Consider a simple 2D example. Perform a quad-tree decomposition of the space so
that every leaf node now represents a convex polygon with one or more neighbouring polygons. (In this case, your polygons are squares and each leaf has 4 neighbours... 8 if you permit diagonal connectivity). The leaf nodes are now your 'rooms' for travelling through.

Generate a connectivity matrix for the leaf nodes. If you have N leaf nodes, this will be an NxN sparse matrix of 1s, where a 1 indicates the nodes are connected neighbours (i.e., your agent using the path could move from one leaf to another with an atomic action).
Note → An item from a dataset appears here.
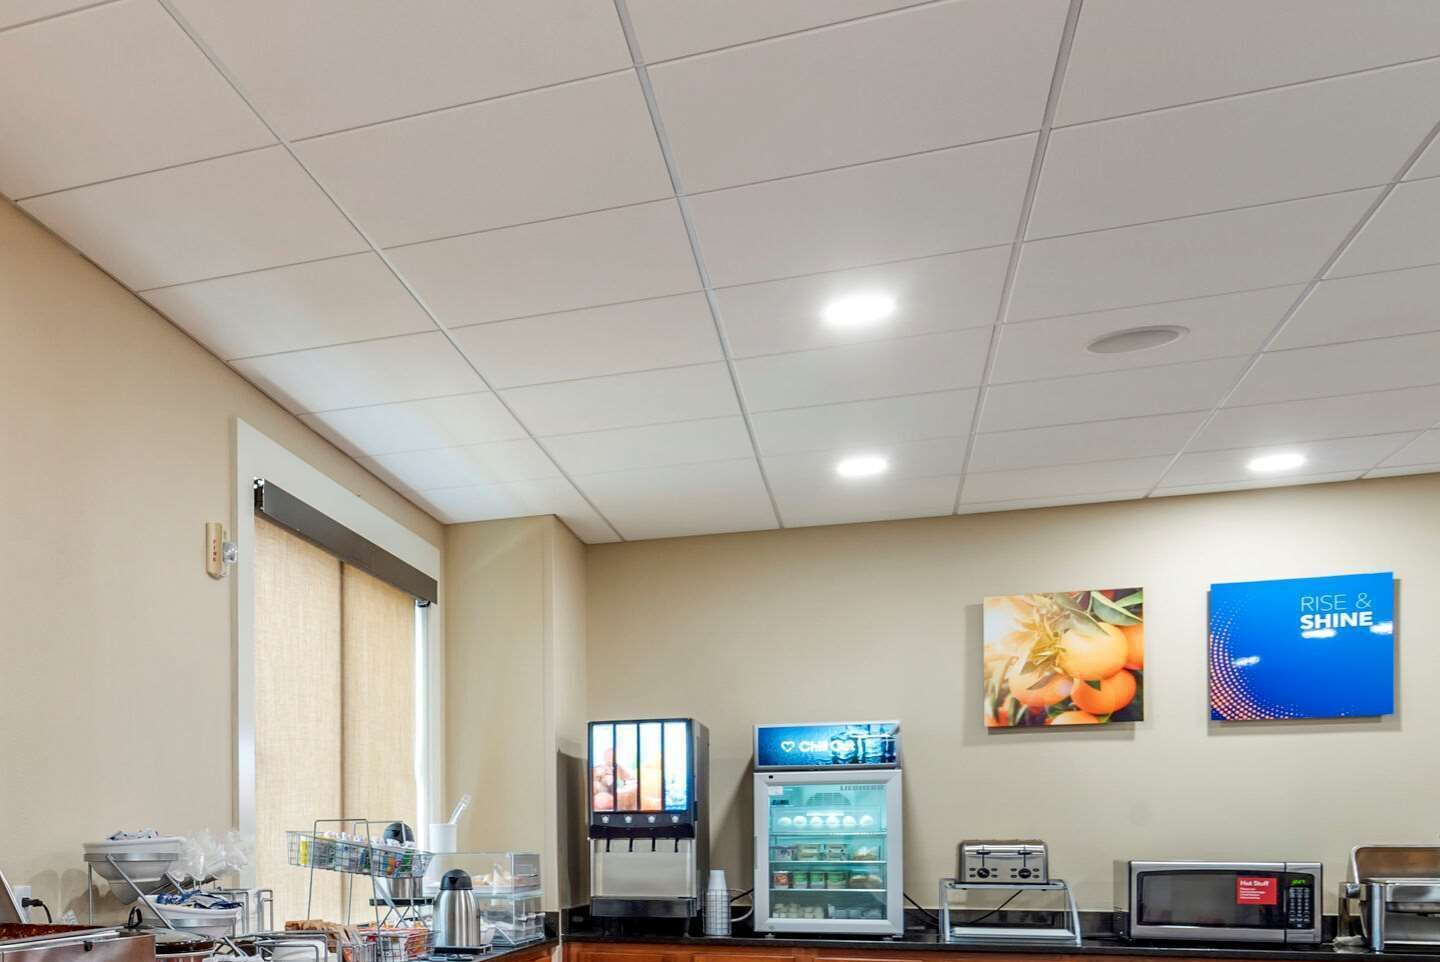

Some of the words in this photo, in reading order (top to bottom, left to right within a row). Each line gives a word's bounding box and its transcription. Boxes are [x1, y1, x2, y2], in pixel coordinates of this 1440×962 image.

[1301, 594, 1348, 612] RISE
[1355, 592, 1372, 609] &
[1300, 611, 1374, 630] SHINE
The Distance Transform algorithm is basically a flood fill from the goal. The goal gets the number 0. Each of its neighbours that hasn't already been marked gets a 1. For each of these neighbours, each neighbour not already marked gets a 2 and so on and so on. Once you mark the square denoting the starting position you can stop the fill. You then descend the number list. At any node you choose a neighbour with the lowest number compared to the node you're at.


Does that help?
I actually found what I was looking for... It is tought as a course in Computer Science.

Search for "Visibility Graph" and "Voronoi Diagram" - still don't know what the second is all about though

Thnx Timkin for your time.. I believe your method could be enhanced such that the connectivity matrix doesn't just store a connectivity boolean but instead stores an optimal node to go next and so on.. Someone did elaborate on this subject a while ago, every body interested in such topics should see that article...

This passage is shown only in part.